Tandis que des biologistes ont entrepris l'observation de baleines grises dans le site exceptionnel de la baie d'Olga (littoral oriental du Kamtchatka), d'autres chercheurs russes ont engagé depuis la mi-juin une expédition dans le cadre du programme "Bélougas-Baleines blanches" pour la saison 2010.
"En été, la plus importante population de baleines grises de la région vient accumuler de la graisse dans la baie d'Olga. Ces dernières années, on y dénombrait plus d'une cinquantaine d'individus. Les biologistes marins pensent que cette année, les baleines grises seront encore plus nombreuses à se retrouver dans la réserve Kronotski, explique un représentant de cette réserve."

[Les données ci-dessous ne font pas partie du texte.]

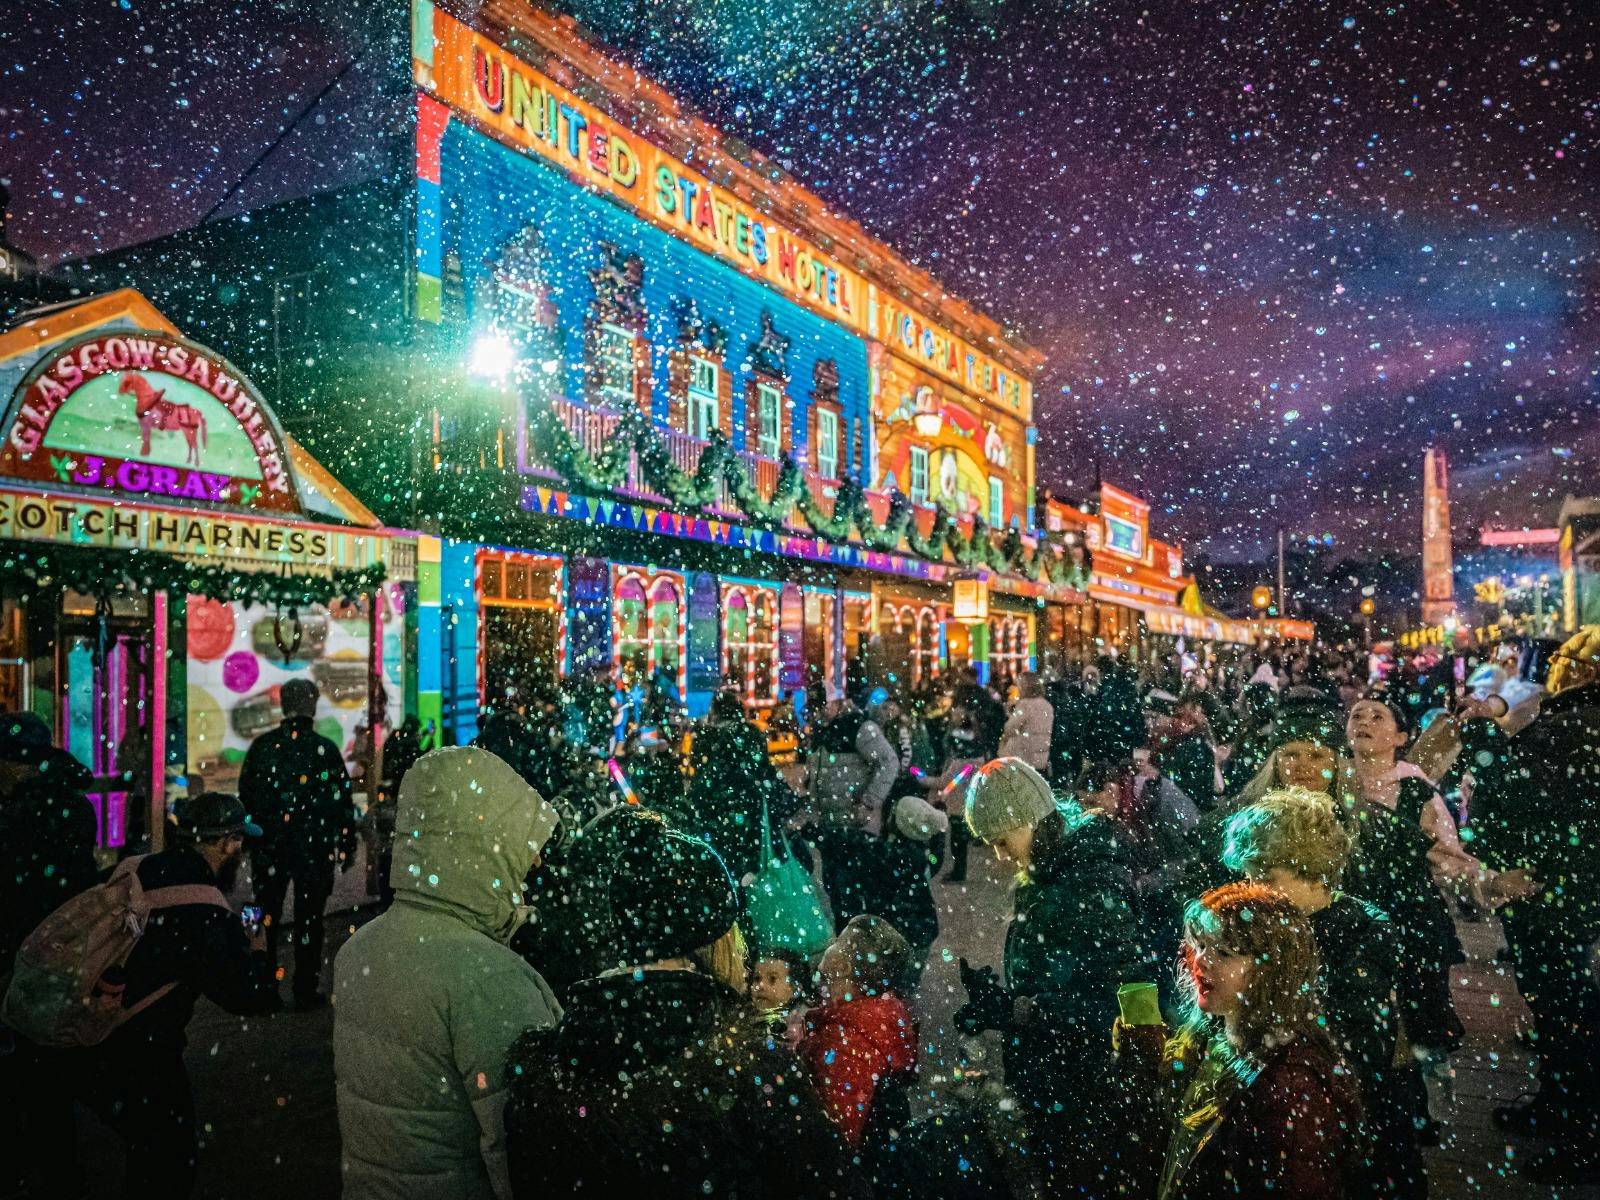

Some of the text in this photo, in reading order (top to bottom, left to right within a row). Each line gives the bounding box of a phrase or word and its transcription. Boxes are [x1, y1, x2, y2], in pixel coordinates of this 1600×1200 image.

[474, 50, 852, 313] UNITED STATES HOTEL
[10, 338, 289, 494] GLASGOW SADDLERY
[155, 516, 328, 557] HARNESS

De mai à octobre, les baleines grises "passent de longues vacances" dans la baie d'Olga. Des observations sont conduites régulièrement dans ce golfe depuis 1995. Avant cette date, seuls quelques animaux fréquentaient cette zone. Les scientifiques pensent que la conquête progressive de ce nouvel espace par ces mammifères marins s'explique par le fait qu'ils sont de plus en plus dérangés dans les autres eaux de l'Extrême-Orient. Les géants des mers pourront être observés sur un territoire de 55 km de long.
"Dans la baie d'Olga, souligne le porte-parole de cette zone protégée, les spécialistes ont la possibilité unique d'étudier des baleines vivantes pratiquement hors de l'eau. En effet, lors de la marée basse, les géants gris demeurent parfois sur les bancs de sable, immergés seulement à moitié, ou même seulement à un tiers, dans l'eau. Les mammifères sont attirés par une base nourricière plus riche à marée basse". Il est à noter qu'elles supportent assez bien de brefs séjours à l'air libre.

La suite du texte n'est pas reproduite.